• [Activity]: When you retype the data, keep every word exactly and include none of the pictures.

• [The input]:

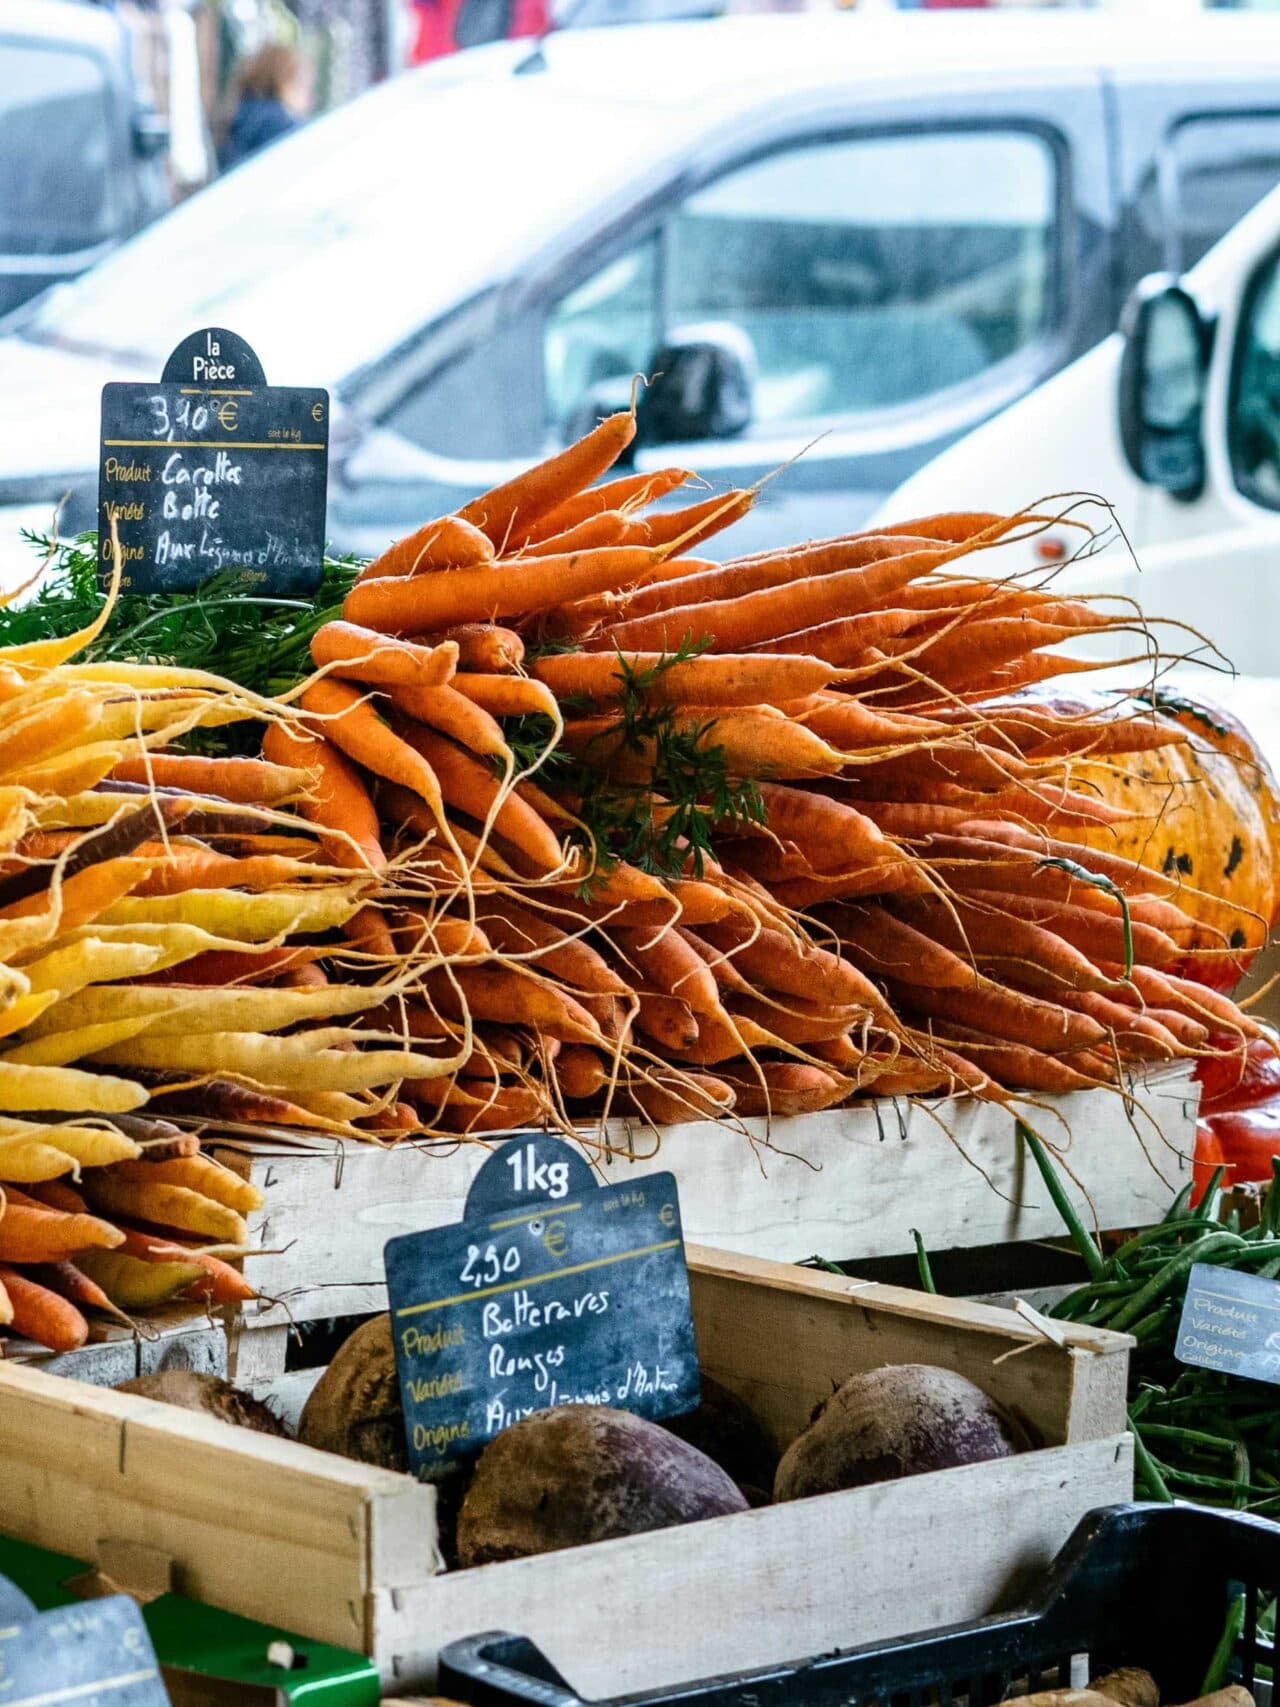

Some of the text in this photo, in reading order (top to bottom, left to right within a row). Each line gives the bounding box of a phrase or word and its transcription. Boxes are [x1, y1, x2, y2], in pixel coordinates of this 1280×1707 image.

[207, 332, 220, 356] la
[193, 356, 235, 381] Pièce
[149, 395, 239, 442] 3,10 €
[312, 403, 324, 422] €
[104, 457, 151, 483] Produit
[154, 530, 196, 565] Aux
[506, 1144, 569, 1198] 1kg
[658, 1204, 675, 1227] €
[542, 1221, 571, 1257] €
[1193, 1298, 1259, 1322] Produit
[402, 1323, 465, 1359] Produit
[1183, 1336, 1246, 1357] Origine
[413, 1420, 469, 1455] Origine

• [Solved exercise]:
Some of the text in this photo, in reading order (top to bottom, left to right within a row). Each line gives the bounding box of a phrase or word and its transcription. Boxes are [x1, y1, x2, y2], in pixel coordinates of this 1280×1707 image.

[207, 332, 220, 356] la
[193, 356, 235, 381] Pièce
[149, 395, 239, 442] 3,10 €
[312, 403, 324, 422] €
[104, 457, 151, 483] Produit
[154, 530, 196, 565] Aux
[506, 1144, 569, 1198] 1kg
[658, 1204, 675, 1227] €
[542, 1221, 571, 1257] €
[1193, 1298, 1259, 1322] Produit
[402, 1323, 465, 1359] Produit
[1183, 1336, 1246, 1357] Origine
[413, 1420, 469, 1455] Origine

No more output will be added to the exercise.